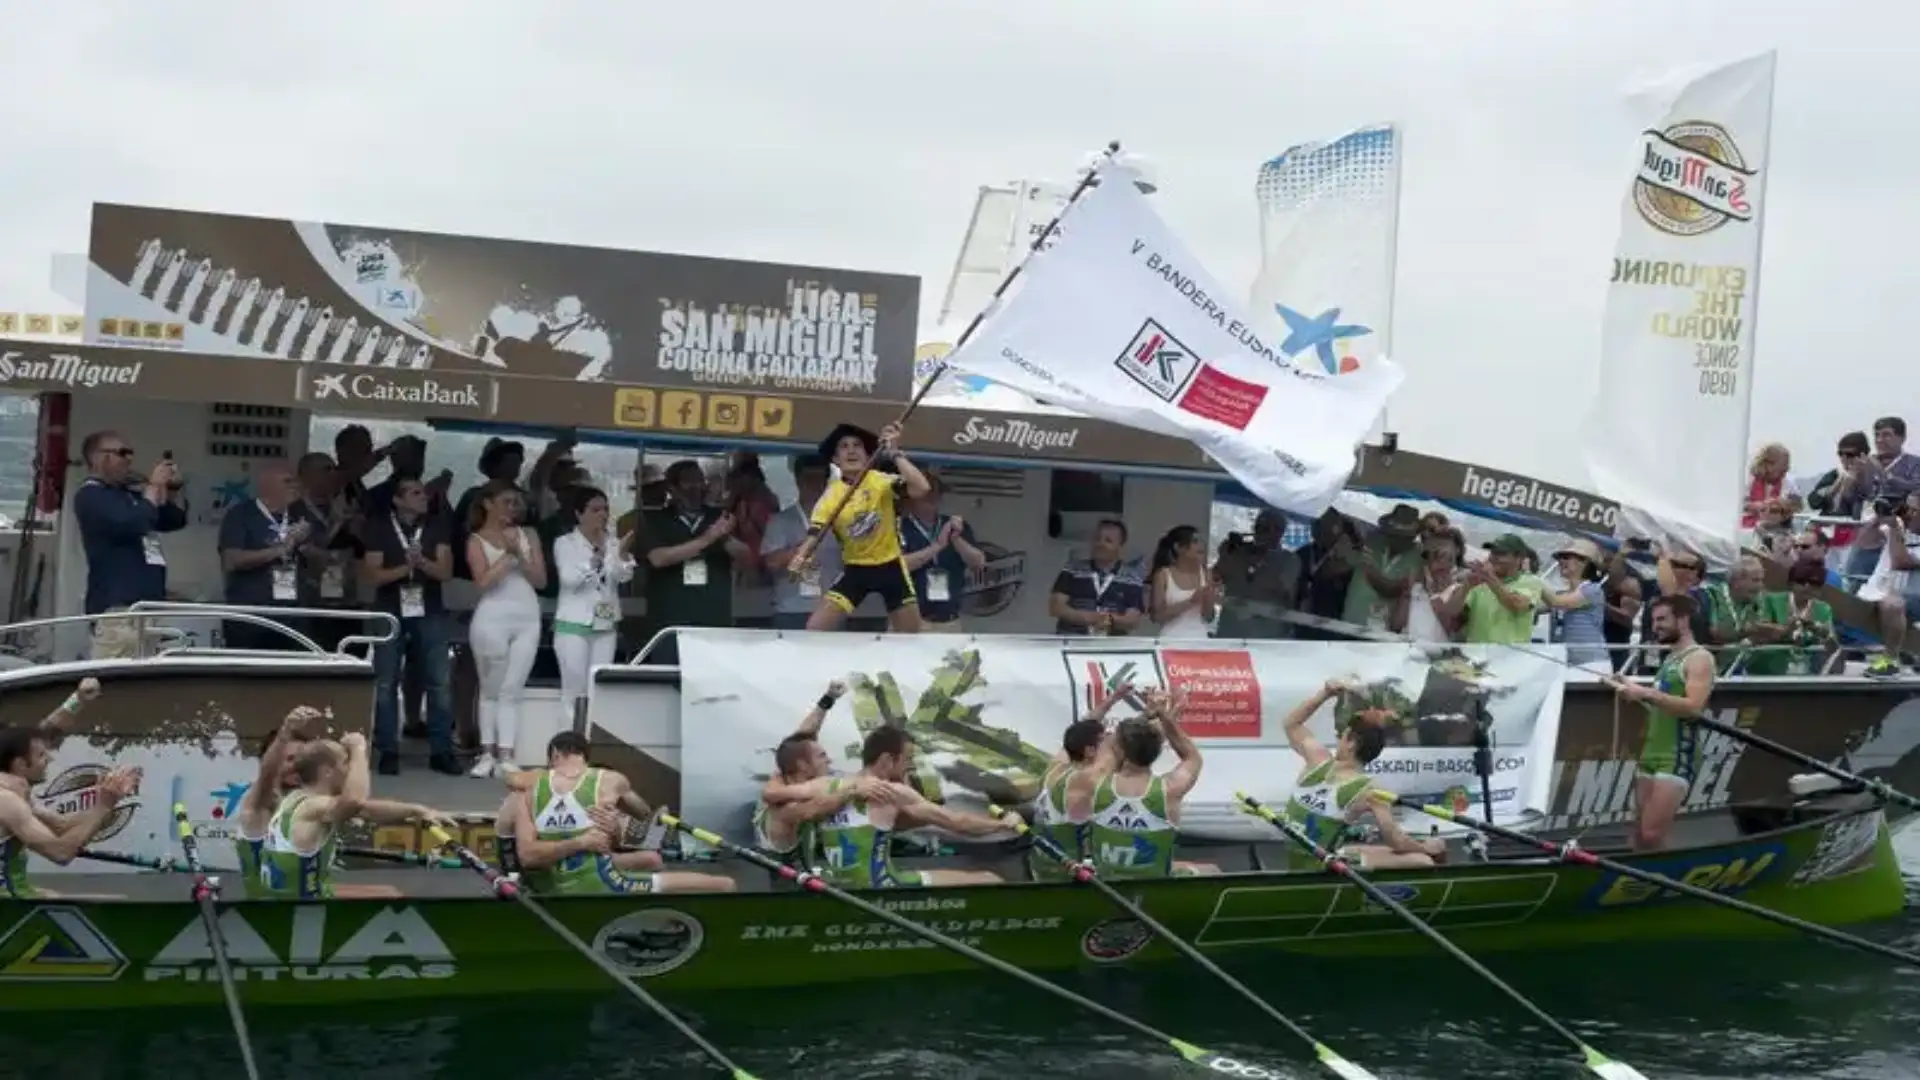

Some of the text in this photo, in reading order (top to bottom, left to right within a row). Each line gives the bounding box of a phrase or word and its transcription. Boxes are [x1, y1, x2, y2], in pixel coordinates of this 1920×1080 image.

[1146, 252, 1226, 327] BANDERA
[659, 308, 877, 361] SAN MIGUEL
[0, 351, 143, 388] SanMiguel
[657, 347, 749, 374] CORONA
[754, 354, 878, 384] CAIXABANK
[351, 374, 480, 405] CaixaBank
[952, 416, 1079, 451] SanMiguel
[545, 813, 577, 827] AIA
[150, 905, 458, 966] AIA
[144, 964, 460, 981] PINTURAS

━━━━━━━━━━━━━━━━

## [Problem requirements]
Repeat each of the entries above exactly, but do not carry over the pictures.

## [Written answer]
Some of the text in this photo, in reading order (top to bottom, left to right within a row). Each line gives the bounding box of a phrase or word and its transcription. Boxes are [x1, y1, x2, y2], in pixel coordinates of this 1920×1080 image.

[1146, 252, 1226, 327] BANDERA
[659, 308, 877, 361] SAN MIGUEL
[0, 351, 143, 388] SanMiguel
[657, 347, 749, 374] CORONA
[754, 354, 878, 384] CAIXABANK
[351, 374, 480, 405] CaixaBank
[952, 416, 1079, 451] SanMiguel
[545, 813, 577, 827] AIA
[150, 905, 458, 966] AIA
[144, 964, 460, 981] PINTURAS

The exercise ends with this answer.